ABD’de elektronik sigara cihazları, esrar (mariuhana) kullanımında da yaygın olarak devreye girmiş, lise öğrencilerinde esrar kullanımını en yüksek düzeye çıkarmıştır. ABD’de 2019-2020 döneminde elektronik sigara kullananlar arasında, üç bine yakın genç insanı ciddi düzeyde hastalandıran ve yaklaşık 60 kişiyi öldüren bir zatürre salgını yaşanmıştır. Esrarlı elektronik sigaralara katılmış e-vitamini ile çıktığı anlaşılmış bu salgın, elektronik sigara cihazları içine giren maddelerin kısa süreli kullanımda bile akciğerlere zarar verebileceğini göstermiştir. Elektronik cihaz sıvısının kullanıcı tarafından hazırlanması, bu cihazlarla diğer bağımlılık yapıcı maddelerin kullanılmasını da mümkün kılmıştır.
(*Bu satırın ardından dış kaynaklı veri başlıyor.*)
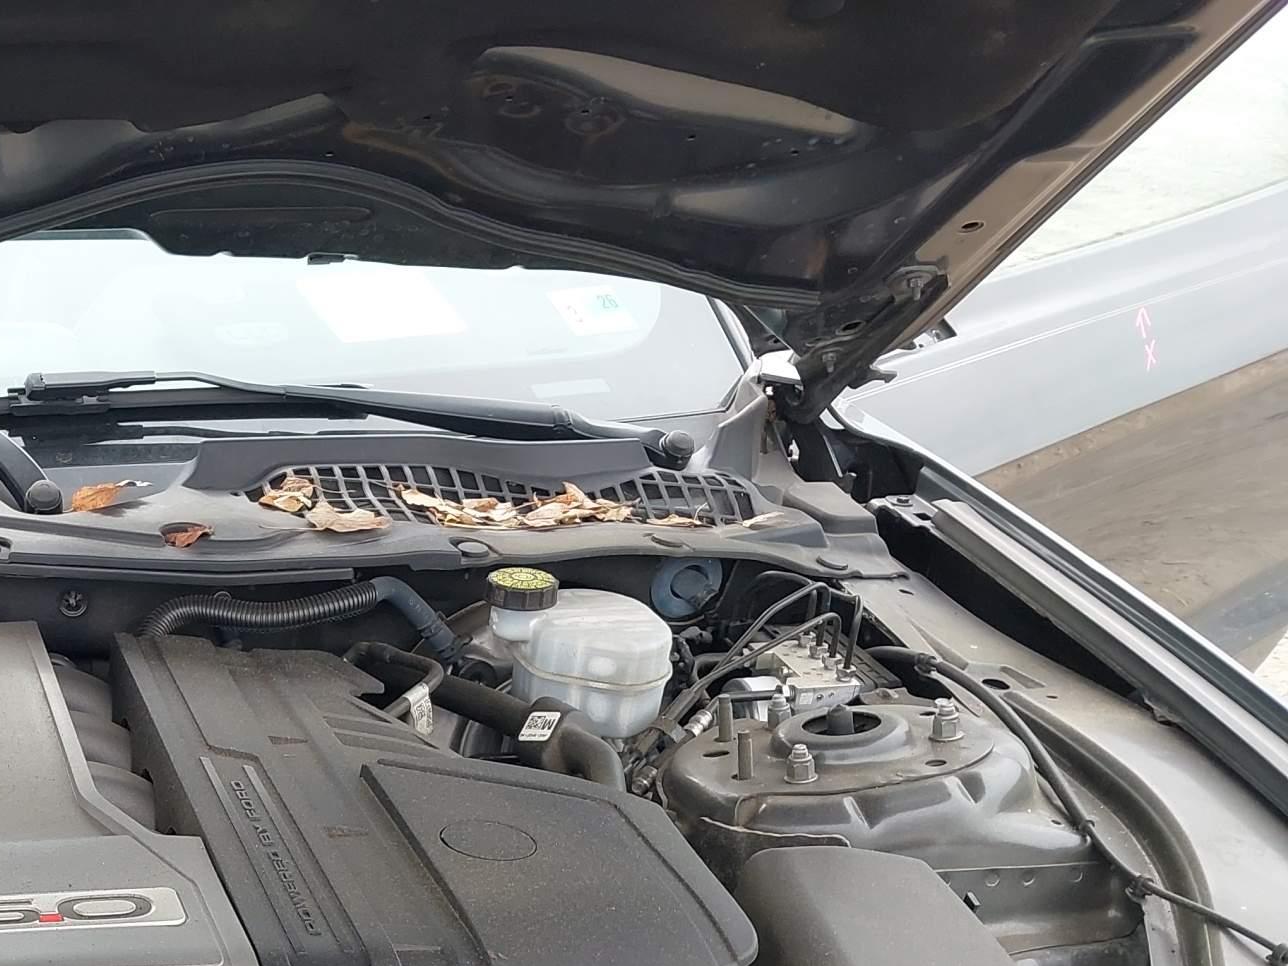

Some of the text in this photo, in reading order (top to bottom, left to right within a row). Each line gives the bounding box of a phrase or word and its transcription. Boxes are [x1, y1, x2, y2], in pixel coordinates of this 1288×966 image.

PROF. DR. RECEP EROL SEZER KİMDİR?
1969 yılında İstanbul Tıp Fakültesinde lisans eğitimini tamamlamış, Halk Sağlığı alanında 1978’de uzman, 1983’de doçent, 1989’da profesör olmuştur. 1992 yılında Türkiye Halk Sağlığı Derneği Sigarayla Mücadele Kolunun, daha sonra Elazığ merkezli Sağlığı Geliştirme ve Sigara ile Mücadele Derneğinin ve bu yapıların yayın organı olarak Sigara Alarmı Dergisinin kuruculuğunu yapmıştır. 1995 yılında Sigara ve Sağlık Ulusal Komitesinin kurucuları arasında yer almış ve iki kez bu komiteye dönem başkanlığı yapmıştır. 1994 yılından itibaren 2000 yılına kadar Dünya Sağlık Örgütü Sigarasız Avrupa Eylem Planının Türkiye ilişki noktası görevini yürütmüştür. 1996 ve 1998 yıllarında Ulusal Bırak-Kazan Sigara Bırakma Kampanyalarının Koordinatörlüğünü yürüten Prof. Dr. Recep Erol Sezer, DSÖ Çerçeve Sözleşmesini takiben Sağlık Bakanlığı merkezli kurulan Sigara ve Sağlık Ulusal Komitesinde üye olarak (bırakma grubu sorumlusu olarak) görev yapmıştır. Sağlık Bakanlığının Tütün Kontrol çalışmalarına aktif olarak ve süreklilik içinde katılan Prof. Dr. Sezer, bu konuda çok sayıda yazılı makale yayınlamış; kurs, ders, konferans ve bildiri niteliğinde sunumlar yapmıştır. Ankara Üniversitesindeki çalışmalarından sonra, 1984-1999 döneminde Elazığ’da Fırat Üniversitesinde Halk Sağlığı Anabilim Dalında, 1999-2013 döneminde Cumhuriyet Üniversitesinde Aile Hekimliği Anabilim Dalında çalışan Prof. Dr. Sezer, 2013 yılından itibaren Yeditepe Üniversitesi Tıp Fakültesi Halk Sağlığı Anabilim Dalı Başkanı olarak görev yapmaktadır. Prof. Dr. Recep Erol Sezer, Yeşilay Bilim Kurulu Üyesi’dir.